Snapshots

A snapshot is a point-in-time capture of a subset of your database, packaged with everything needed to restore that exact data state to any compatible database.

What Makes a Snapshot

Basecut doesn’t just export tables—it creates self-contained, referentially-valid snapshots by following foreign key relationships. This ensures every snapshot can be applied to an empty database without constraint violations.

Key Characteristics

Referentially Complete: Every row includes all its foreign key dependencies
Point-in-Time: Captures database state at a specific moment
Self-Contained: Includes schema metadata for validation
Portable: Can be restored to any database with matching schema
Versioned: Multiple versions can coexist for the same snapshot name

Snapshot Anatomy

Every snapshot consists of three required components and one optional component:

1. Manifest (`manifest.json`)

Contains metadata about the snapshot:

{
  "version": "1.0",
  "created_at": "2024-01-29T10:30:00Z",
  "source": {
    "host": "prod-db.internal",
    "database": "myapp",
    "database_name": "myapp_production"
  },
  "stats": {
    "total_rows": 2847,
    "table_count": 23,
    "warning_count": 0,
    "extraction_duration_ms": 45320,
    "uncompressed_size": 12543200,
    "compressed_size": 3145600
  },
  "config": {
    "root_table": "public.users",
    "max_upstream_depth": 5,
    "max_downstream_depth": 10,
    "sample_mode": "random"
  },
  "schema_hash": "a1b2c3d4e5f6..."
}

Purpose:

Identifies the snapshot uniquely
Records extraction context for debugging
Stores git metadata for reproducibility
Tracks performance metrics

2. Schema (`schema.json`)

Schema metadata for all included tables at extraction time.

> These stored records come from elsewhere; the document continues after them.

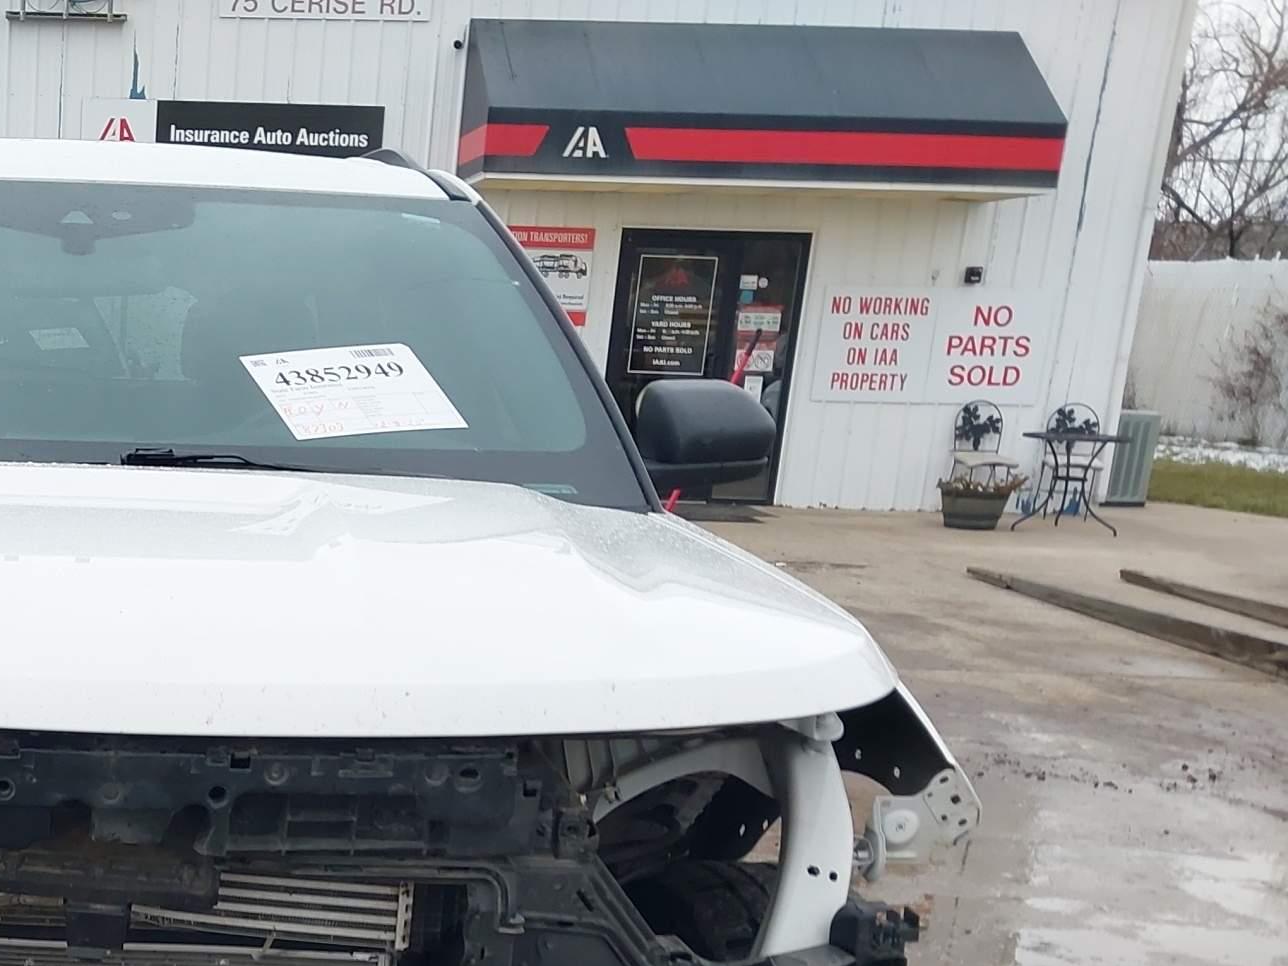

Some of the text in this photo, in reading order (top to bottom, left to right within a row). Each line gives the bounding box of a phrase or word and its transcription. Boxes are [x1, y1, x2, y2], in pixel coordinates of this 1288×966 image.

[272, 0, 366, 14] CERISE
[379, 0, 422, 15] RD.
[169, 124, 369, 148] Insurance Auto Auctions
[831, 296, 930, 316] NO WORKING
[973, 305, 1013, 327] NO
[843, 322, 910, 341] ON CARS
[643, 345, 653, 353] NO
[675, 346, 693, 354] SOLD
[946, 335, 1031, 357] PARTS
[847, 347, 898, 366] ON IAA
[275, 361, 404, 386] 43852949
[830, 372, 908, 391] PROPERTY
[948, 364, 1021, 386] SOLD
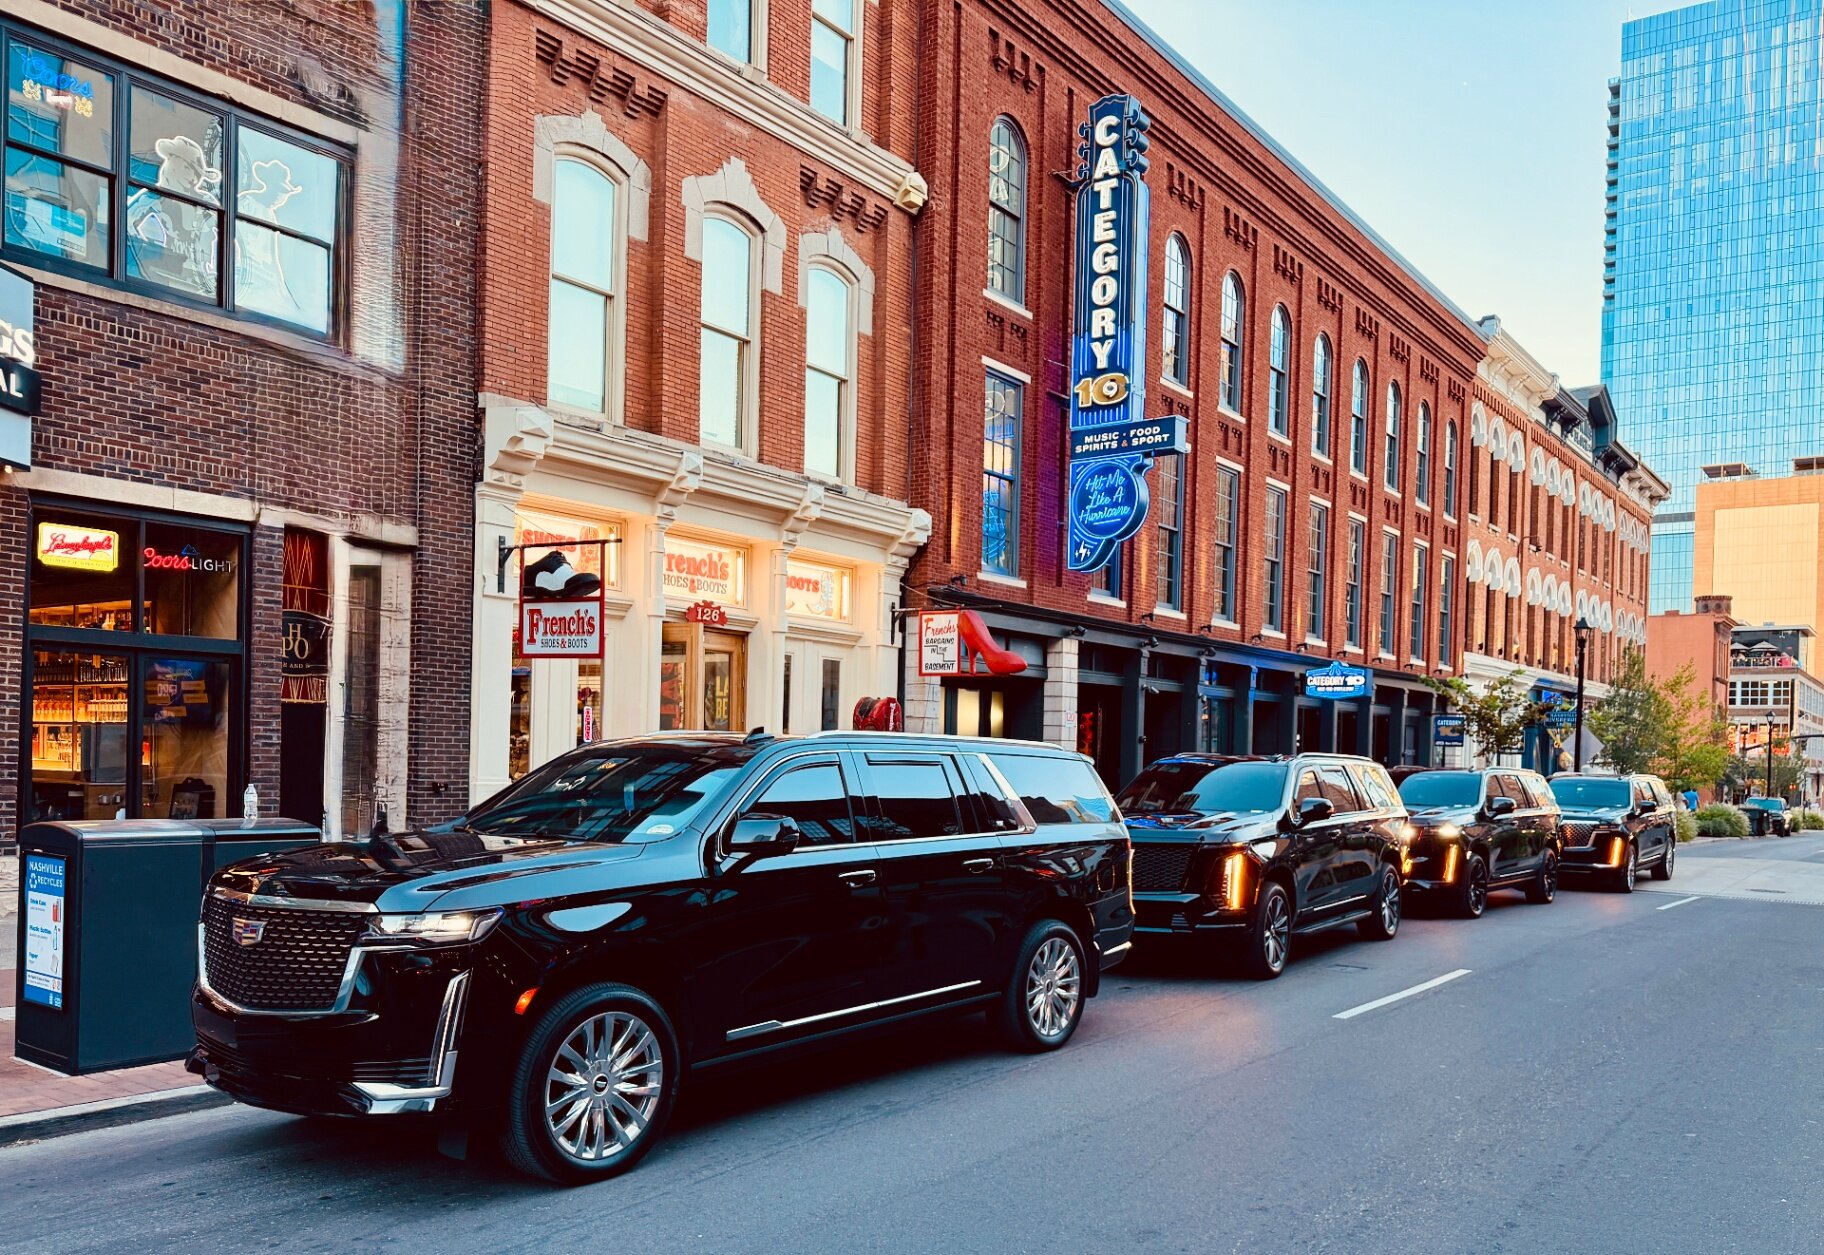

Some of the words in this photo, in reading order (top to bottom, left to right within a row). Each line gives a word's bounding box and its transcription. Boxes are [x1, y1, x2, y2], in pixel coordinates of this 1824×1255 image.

[1090, 115, 1121, 369] CATEGORY
[1074, 373, 1130, 407] 10
[1075, 440, 1118, 453] SPIRITS
[1131, 434, 1170, 446] SPORT
[1084, 432, 1120, 444] MUSIC
[1129, 426, 1161, 437] FOOD
[1085, 474, 1107, 492] Hit
[1105, 469, 1126, 488] Me
[1085, 490, 1111, 510] Like
[1112, 486, 1124, 504] A
[1078, 506, 1131, 525] Hurricane
[143, 547, 190, 570] Coors
[191, 557, 233, 574] LIGHT
[664, 552, 729, 581] rench's
[663, 574, 689, 589] HOES
[689, 578, 697, 594] &
[697, 579, 727, 595] BOOTS
[696, 607, 720, 622] 126
[527, 608, 596, 645] French's
[541, 638, 560, 648] SHOES
[560, 639, 567, 648] &
[567, 638, 588, 648] BOOTS
[924, 663, 955, 671] BASEMENT
[1307, 676, 1345, 686] CATEGORY
[1345, 675, 1366, 686] 10
[29, 861, 63, 876] NASHVILLE
[37, 875, 63, 888] RECYCLES
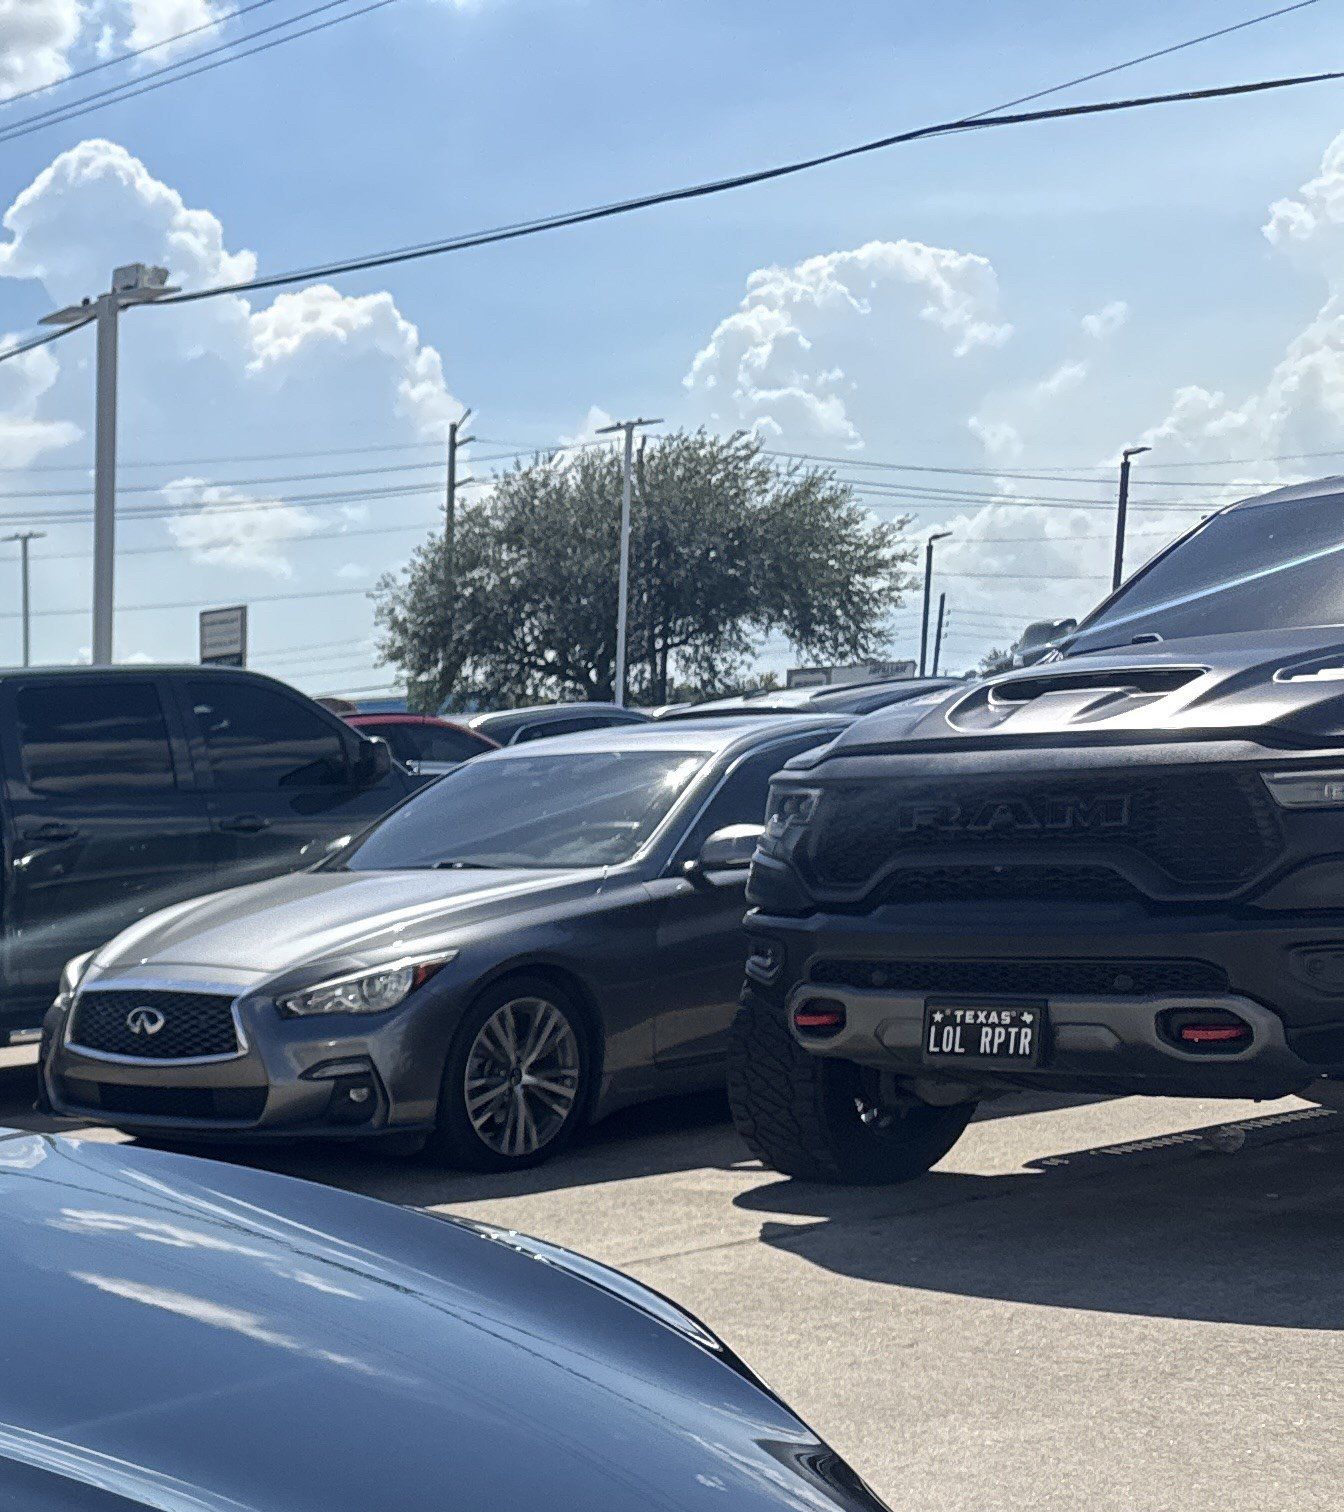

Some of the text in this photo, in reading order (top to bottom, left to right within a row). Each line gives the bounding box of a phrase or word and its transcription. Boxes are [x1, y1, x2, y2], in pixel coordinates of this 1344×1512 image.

[897, 793, 1132, 832] RAM
[954, 1010, 1012, 1024] TEXAS
[929, 1025, 1032, 1055] LOL RPTR
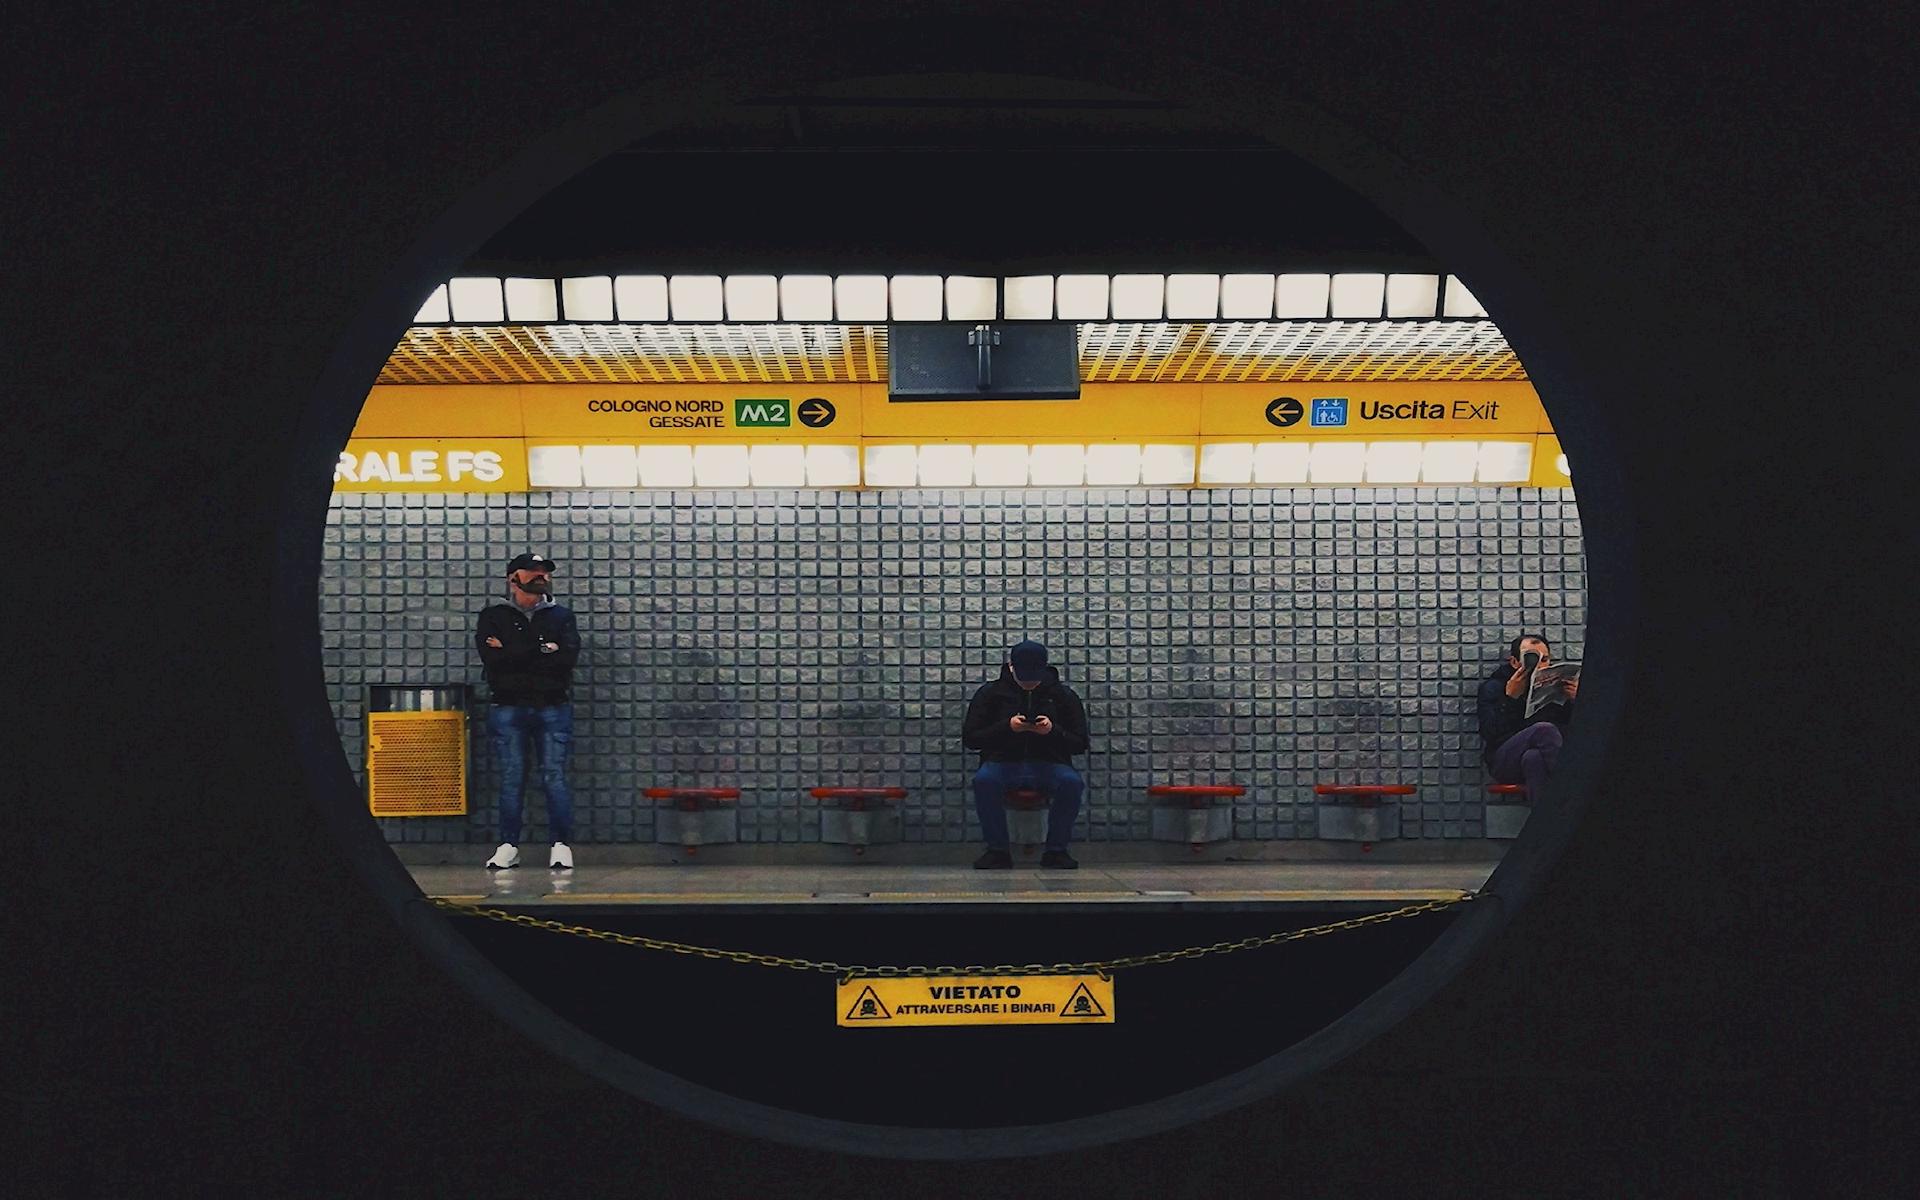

Purpose:

Validate target database compatibility before restore
Detect schema drift between snapshot and target
Document database structure at extraction time

3. Data Files (`tables/*.csv.gz`)

One compressed CSV file per table with extracted rows:

tables/
├── public.users.csv.gz                (234 KB, 847 rows)
├── public.organizations.csv.gz        (12 KB, 45 rows)
├── public.orders.csv.gz               (523 KB, 2,134 rows)
├── public.line_items.csv.gz           (891 KB, 8,912 rows)
├── public.products.csv.gz             (156 KB, 432 rows)
└── public.payment_methods.csv.gz      (34 KB, 178 rows)

Format:

Standard CSV with header row
Gzip compressed for efficiency
NULL values represented as empty fields
Special characters escaped per RFC 4180

4. Warnings (`warnings.json`) - Optional

Only present if extraction encountered warnings:

{
  "warnings": [
    {
      "code": "LIMIT_REACHED",
      "message": "per_table limit (1000) reached for table 'audit_logs'",
      "table": "public.audit_logs",
      "severity": "warning"
    }
  ]
}

Purpose:

Document extraction issues without failing
Warn users about partial data
Aid in debugging configuration problems

Snapshot Lifecycle

1. Creation

Local Execution (default):

basecut snapshot create \
  --config basecut.yml \
  --name "dev-seed" \
  --source "$BASECUT_DATABASE_URL"

Process:

CLI reads configuration from basecut.yml
Connects to source database
Executes root queries to get seed rows
Recursively follows foreign keys (upstream + downstream)
Applies anonymization rules to PII fields
Compresses data to CSV.gz files
Generates manifest and schema metadata
Uploads to configured storage (S3/GCS/local)

2. Storage

Snapshots are stored in your configured provider: S3 Example:

s3://my-basecut-snapshots/
└── team-a/                         # optional prefix
    └── snapshots/
        └── 8f4f4b0e-fbc7-4f70.../ # job id
            ├── manifest.json
            ├── schema.json
            ├── warnings.json (optional)
            └── tables/
                ├── public.users.csv.gz
                └── public.orders.csv.gz

Name/tag references (for example dev-seed:brave-lion) are resolved via API metadata, not by directly constructing storage paths.

3. Restoration

Basic restore:

basecut snapshot restore dev-seed:latest --target "$BASECUT_DATABASE_URL"

Process:

CLI resolves snapshot version (:latest → brave-lion)
Downloads manifest and schema from storage
Validates target database schema compatibility
Determines insertion order (respecting foreign keys)
Inserts data in dependency order (or uses an automatic two-phase fallback for eligible nullable FK cycles)
Verifies referential integrity
Reports completion with row counts

Guarantees

Referential Integrity

Guarantee: Every snapshot is self-contained and referentially valid. What this means:

Every foreign key constraint will be satisfied after restore
No “dangling references” or broken relationships
Can restore to an empty database without errors

How it works:

Basecut tracks all foreign key relationships during extraction
Before including a row, ensures all referenced rows are included
If a parent is missing, adds it (even beyond depth limits)

Schema Preservation

Guarantee: Schema metadata is captured at extraction time. What this means:

Restore validates target schema matches snapshot schema
Detects missing tables, columns, or type changes
Prevents data corruption from schema drift

Size Estimation

Estimate snapshot size before creating:

Snapshot size ≈ (Raw data size × compression ratio) + overhead

Where:
- compression ratio ≈ 0.1 to 0.3 (gzip)
- overhead ≈ 50-100KB (manifest + schema)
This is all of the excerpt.